▸ **What to do**:
Copy the lines below as they are; omit the images they contain.

------------------------------------------------

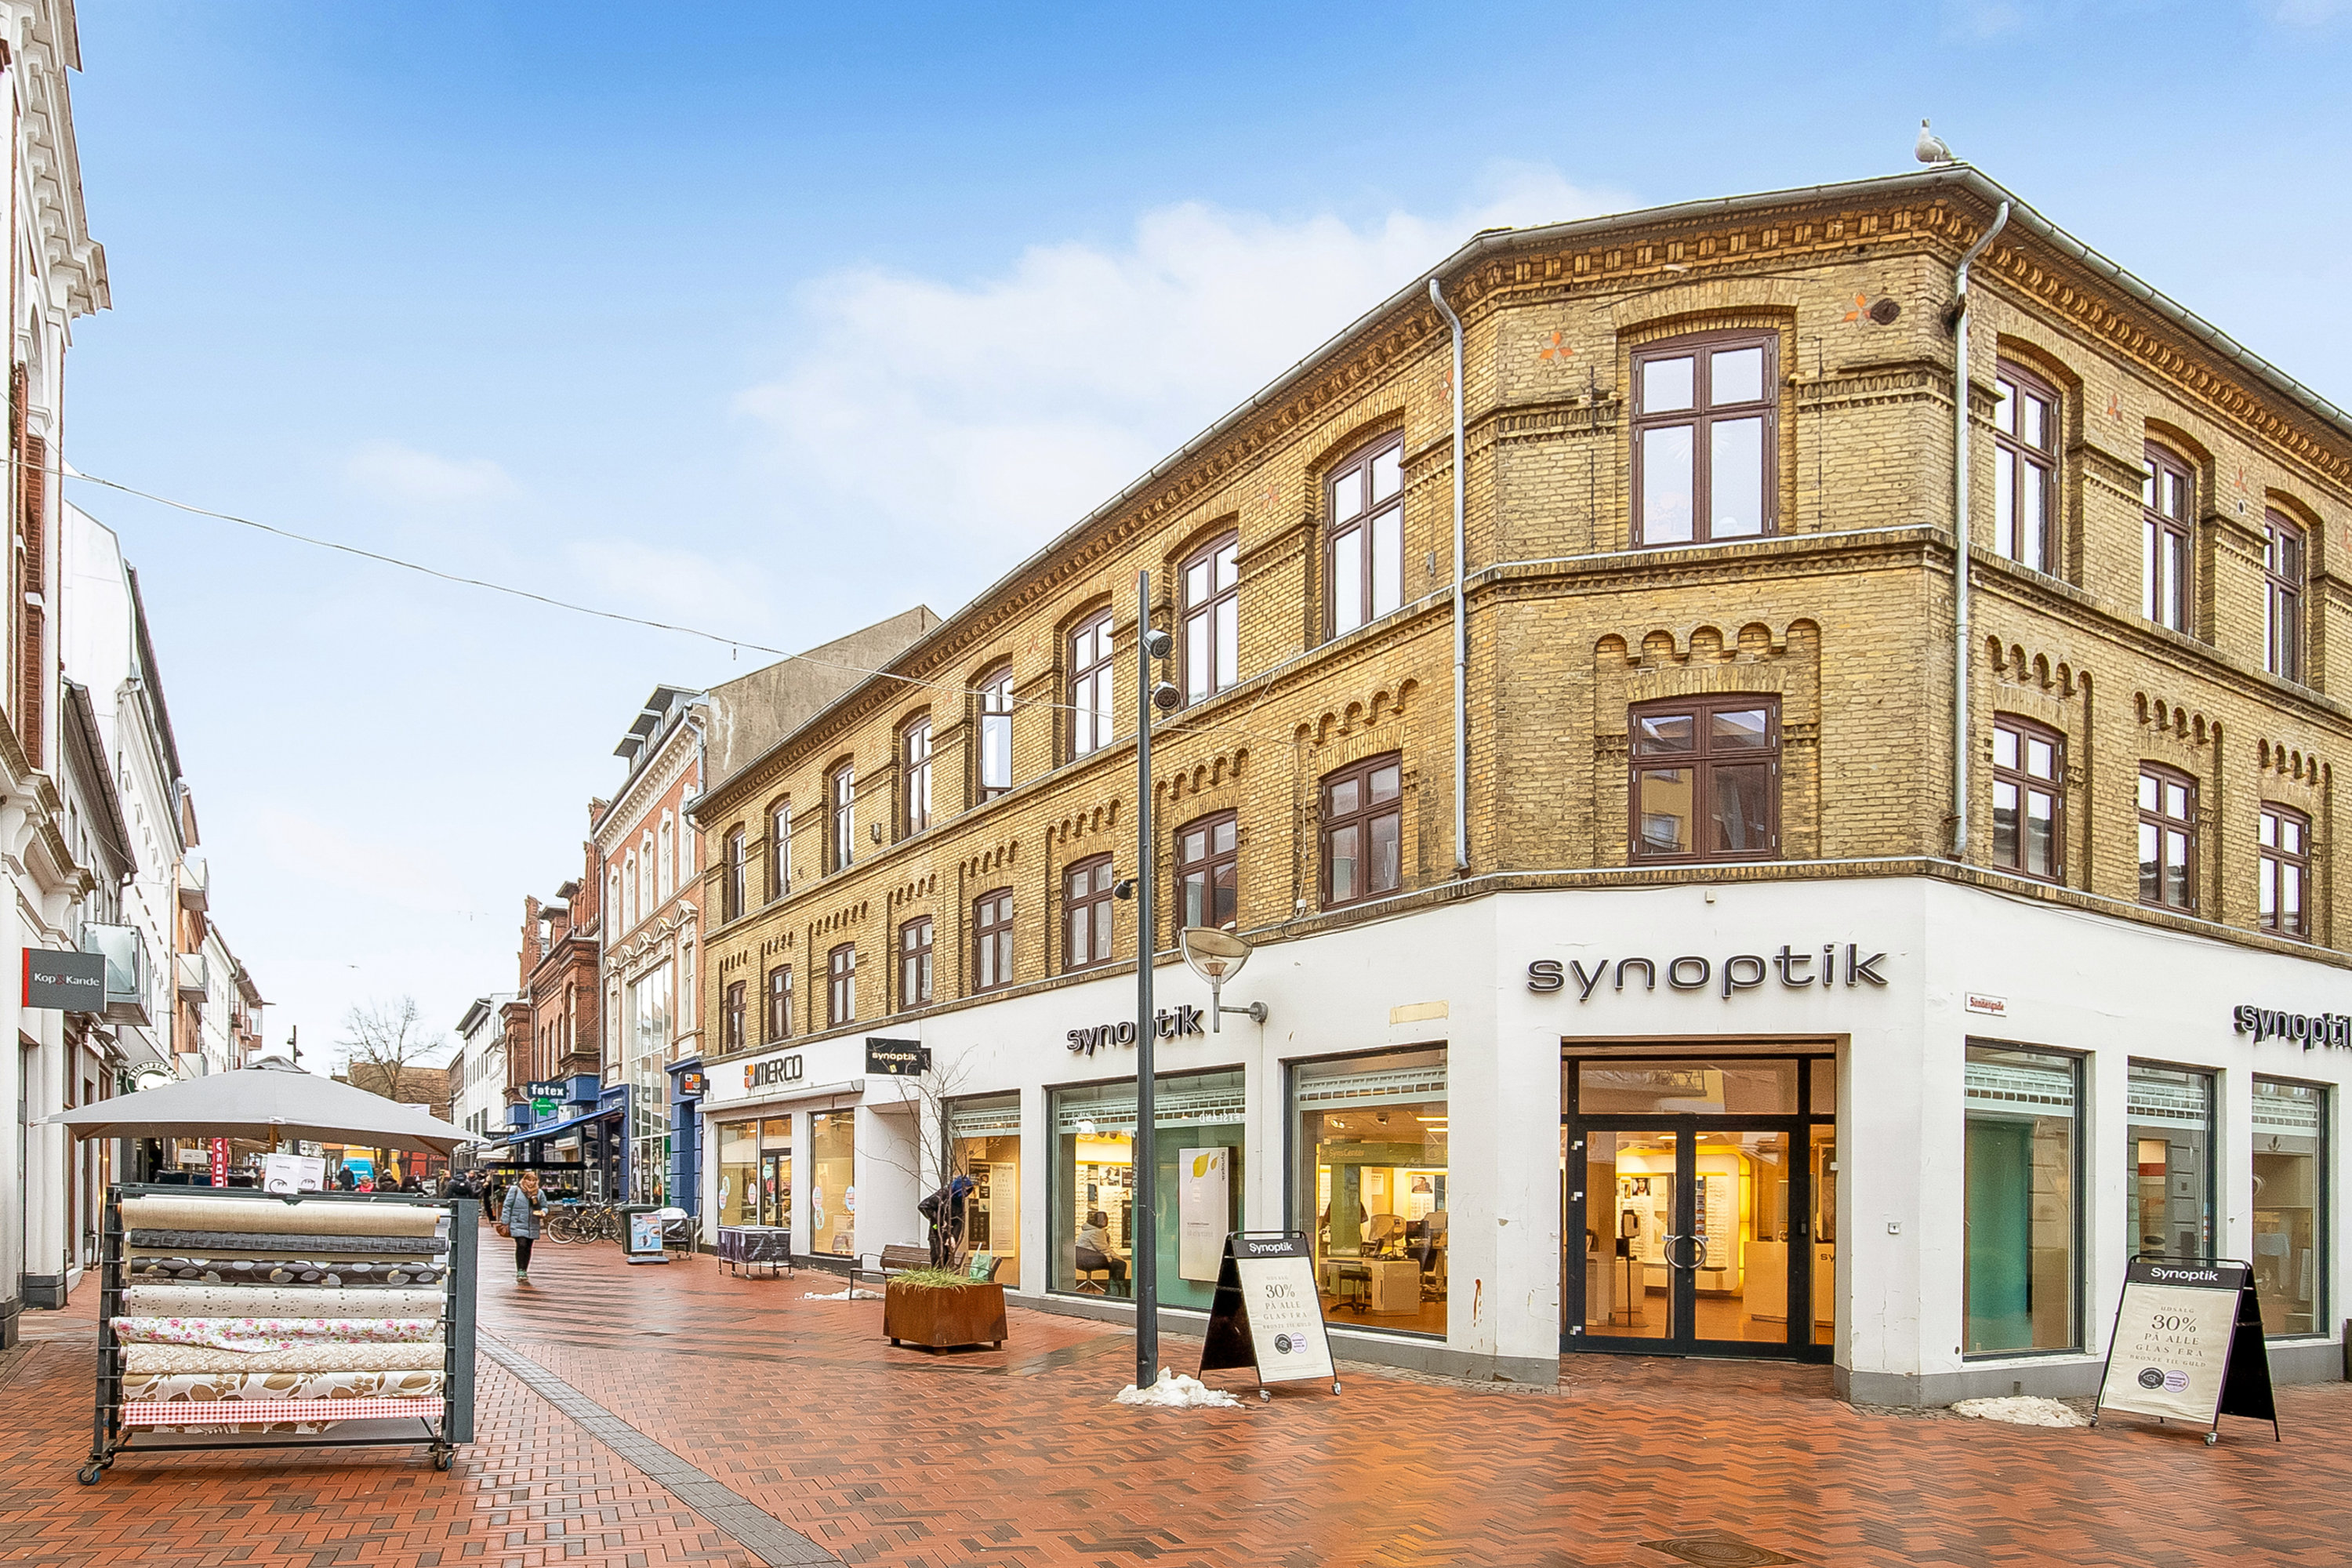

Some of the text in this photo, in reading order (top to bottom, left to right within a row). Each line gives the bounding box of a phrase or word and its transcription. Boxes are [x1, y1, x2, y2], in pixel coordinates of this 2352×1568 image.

[1526, 943, 1889, 1002] synoptik
[2234, 1004, 2352, 1053] synopti
[872, 1052, 917, 1062] synoptik
[755, 1054, 803, 1087] IMERCO
[1249, 1242, 1294, 1254] Synoptik
[2151, 1267, 2219, 1282] Synoptik
[1265, 1283, 1296, 1299] 30%
[2151, 1314, 2198, 1333] 30%
[2143, 1333, 2199, 1345] PÅ ALLE
[2136, 1344, 2203, 1357] GLAS FRA

------------------------------------------------

▸ **Answer to this problem**:
Some of the text in this photo, in reading order (top to bottom, left to right within a row). Each line gives the bounding box of a phrase or word and its transcription. Boxes are [x1, y1, x2, y2], in pixel coordinates of this 2352×1568 image.

[1526, 943, 1889, 1002] synoptik
[2234, 1004, 2352, 1053] synopti
[872, 1052, 917, 1062] synoptik
[755, 1054, 803, 1087] IMERCO
[1249, 1242, 1294, 1254] Synoptik
[2151, 1267, 2219, 1282] Synoptik
[1265, 1283, 1296, 1299] 30%
[2151, 1314, 2198, 1333] 30%
[2143, 1333, 2199, 1345] PÅ ALLE
[2136, 1344, 2203, 1357] GLAS FRA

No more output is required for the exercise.